(Phrase grounding data)
——————

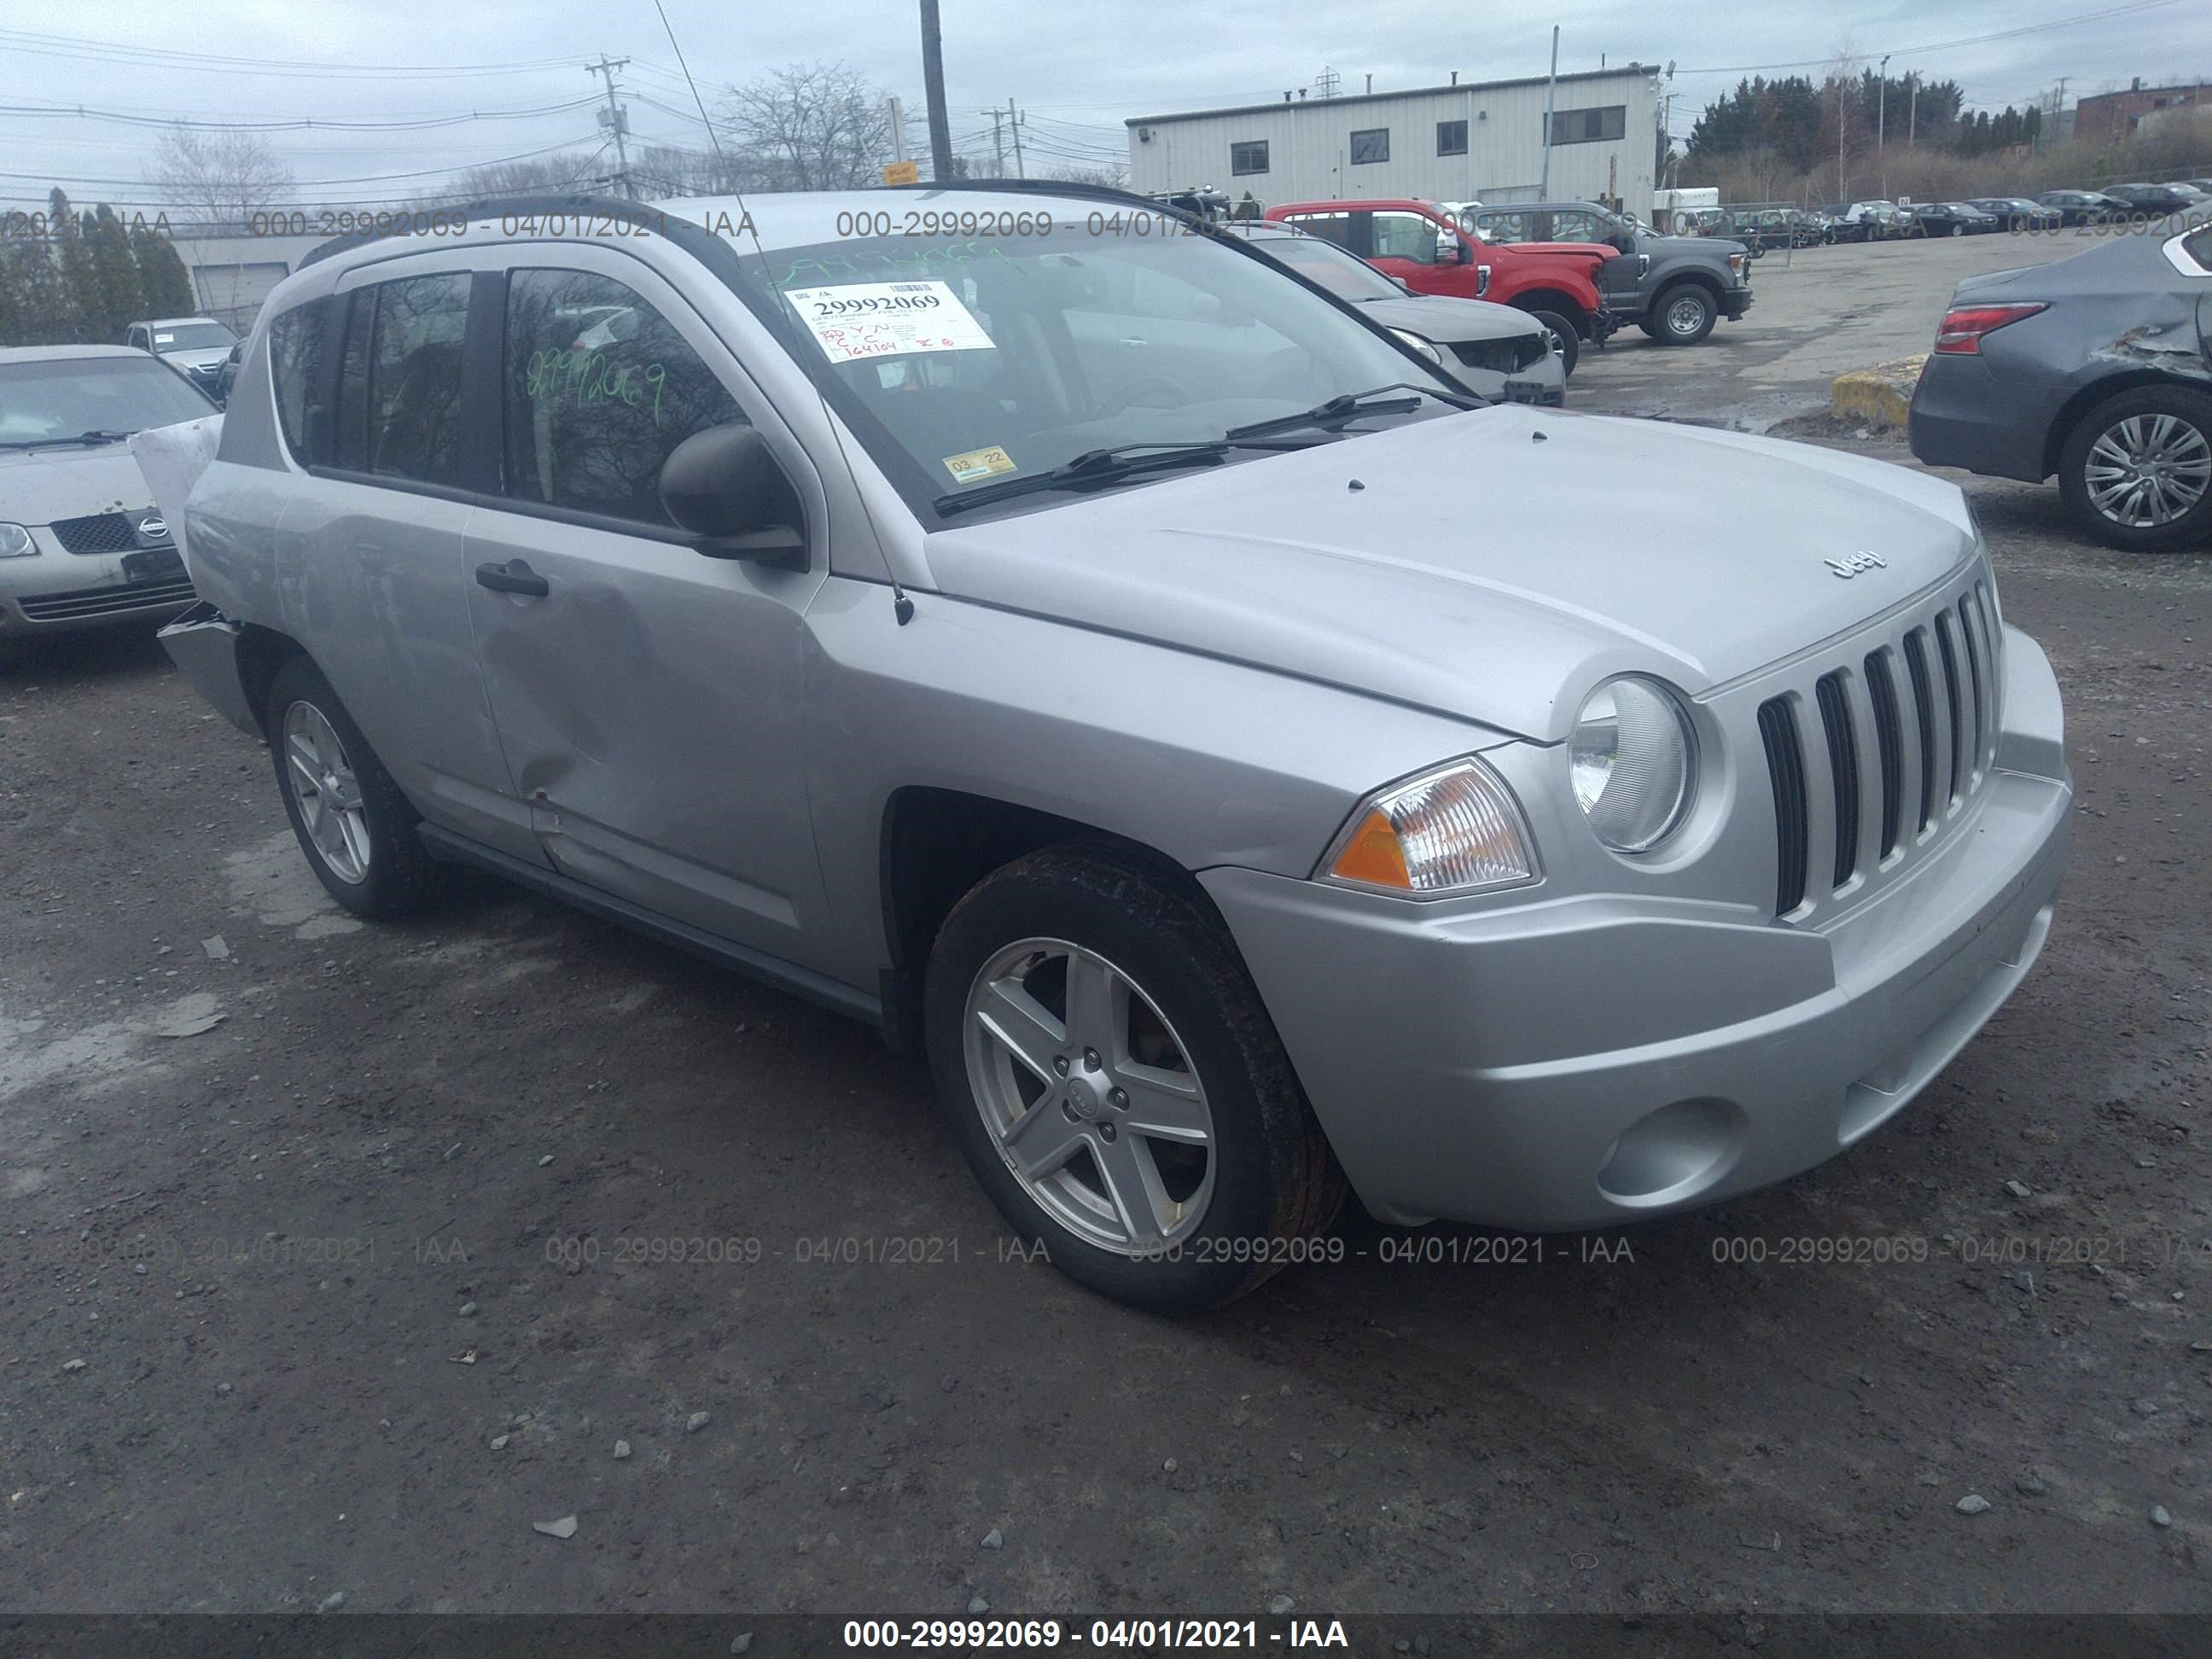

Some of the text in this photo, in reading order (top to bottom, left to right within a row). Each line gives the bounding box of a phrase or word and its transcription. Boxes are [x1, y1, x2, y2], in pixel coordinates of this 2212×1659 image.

[813, 294, 940, 315] 29992069
[845, 342, 897, 357] 164104
[952, 451, 1004, 472] 03 22
[1823, 550, 1888, 579] Jeep

——————

(Exercise aim) Repeat each record verbatim, pictures excluded.

(Answer box)
Some of the text in this photo, in reading order (top to bottom, left to right within a row). Each line gives the bounding box of a phrase or word and its transcription. Boxes are [x1, y1, x2, y2], in pixel coordinates of this 2212×1659 image.

[813, 294, 940, 315] 29992069
[845, 342, 897, 357] 164104
[952, 451, 1004, 472] 03 22
[1823, 550, 1888, 579] Jeep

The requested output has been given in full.